The AI tool, created under the leadership of Dr. Benjamin Kann, a radiation oncologist and member of the Artificial Intelligence in Medicine (AIM) Program, is designed to predict whether a patient’s cancer will spread, thus determining the necessity for intensive treatment strategies. “Our tool may help identify which patients should receive multiple interventions or would be ideal candidates for clinical trials of intensive strategies such as immunotherapy or additional chemotherapy,” said Dr. Kann. He further noted, “Our tool can also help identify which patients should undergo de-intensification of treatment, such as surgery alone.”
Understanding the Need for Precision in Cancer Treatment
Treatments for oropharyngeal cancer often involve a combination of surgery, radiation therapy, and chemotherapy, which can be challenging for patients to endure and may result in long-term adverse effects. Therefore, accurately identifying which patients require more or less intensive treatment is crucial. A key factor in this decision-making process is the presence of pathologic extranodal extension (ENE), which occurs when cancer cells spread beyond the lymph node into surrounding tissue. Currently, ENE can only be confirmed through surgical removal and examination of lymph nodes.
To offer a pre-treatment assessment method, Dr. Kann and his colleagues developed an AI-based tool that analyzes imaging data from computed tomography (CT) scans. This tool predicts the number of lymph nodes with ENE, providing important prognostic information about the patient’s condition and potential benefits from intensified therapy.

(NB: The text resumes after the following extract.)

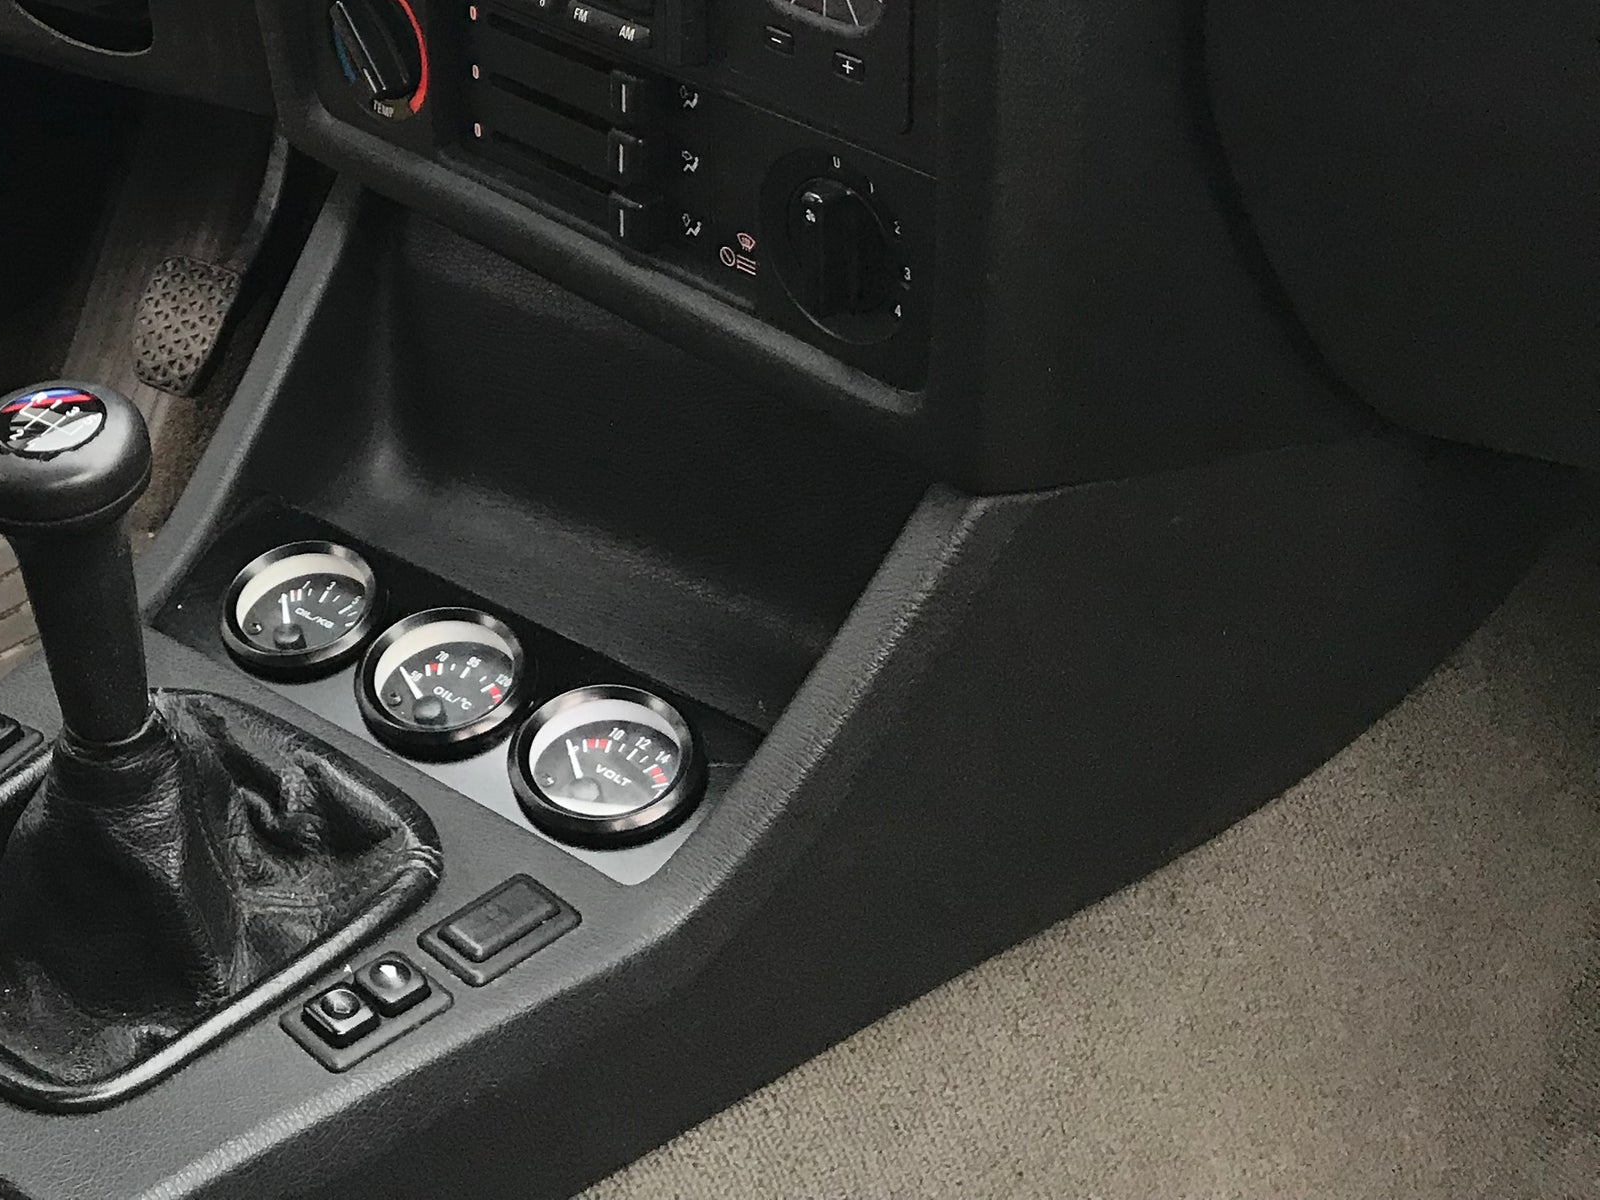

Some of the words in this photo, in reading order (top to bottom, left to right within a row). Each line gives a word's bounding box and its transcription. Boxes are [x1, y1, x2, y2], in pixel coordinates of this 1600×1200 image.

Integration and Validation of the AI Tool
The AI tool was tested on imaging scans from 1,733 patients with oropharyngeal carcinoma. It successfully predicted uncontrolled cancer spread and poor patient survival outcomes. By integrating the AI’s insights with existing clinical risk predictors, the researchers achieved improved risk stratification, leading to more accurate predictions of survival and cancer spread for individual patients.
“The AI tool enables the prediction of the number of lymph nodes with ENE, which could not be done before, and shows that it is a powerful, novel prognostic biomarker for oropharyngeal cancer that could be used to improve the current staging scheme and treatment planning,” said Dr. Kann.
Implications for Future Cancer Treatment
This development represents a significant advancement in the precision of cancer treatment. By enabling more tailored treatment plans, the AI tool could reduce unnecessary interventions for some patients while ensuring that others receive the aggressive treatment they need. The potential to incorporate such AI tools into clinical practice could revolutionize how oncologists approach cancer treatment, emphasizing personalized medicine.
Beyond its immediate clinical applications, the research underscores the growing role of AI in healthcare. As AI technologies continue to evolve, they hold the promise of transforming various aspects of medical diagnostics and treatment planning, potentially leading to better patient outcomes and more efficient healthcare systems.
Research Team and Funding
The study was conducted by a multidisciplinary team including Zezhong Ye, Reza Mojahed-Yazdi, Anna Zapaishchykova, Divyanshu Tak, and several others, with contributions from institutions across North America and Europe. The research received financial support from the National Institutes of Health, the European Union—European Research Council, the Radiological Society of North America, and the Canadian Institutes of Health Research.
Funding acknowledgments include grants from NIH (U24CA194354, U01CA190234, U01CA209414, R35CA22052; K08: DE030216), the European Union—European Research Council (866504), RSNA (RSCH2017), and CIHR (426366).
This study, titled “Automated Lymph Node and Extranodal Extension Assessment Improves Risk Stratification in Oropharyngeal Carcinoma,” marks a pivotal step in integrating AI into oncological practice, setting the stage for future innovations in cancer care.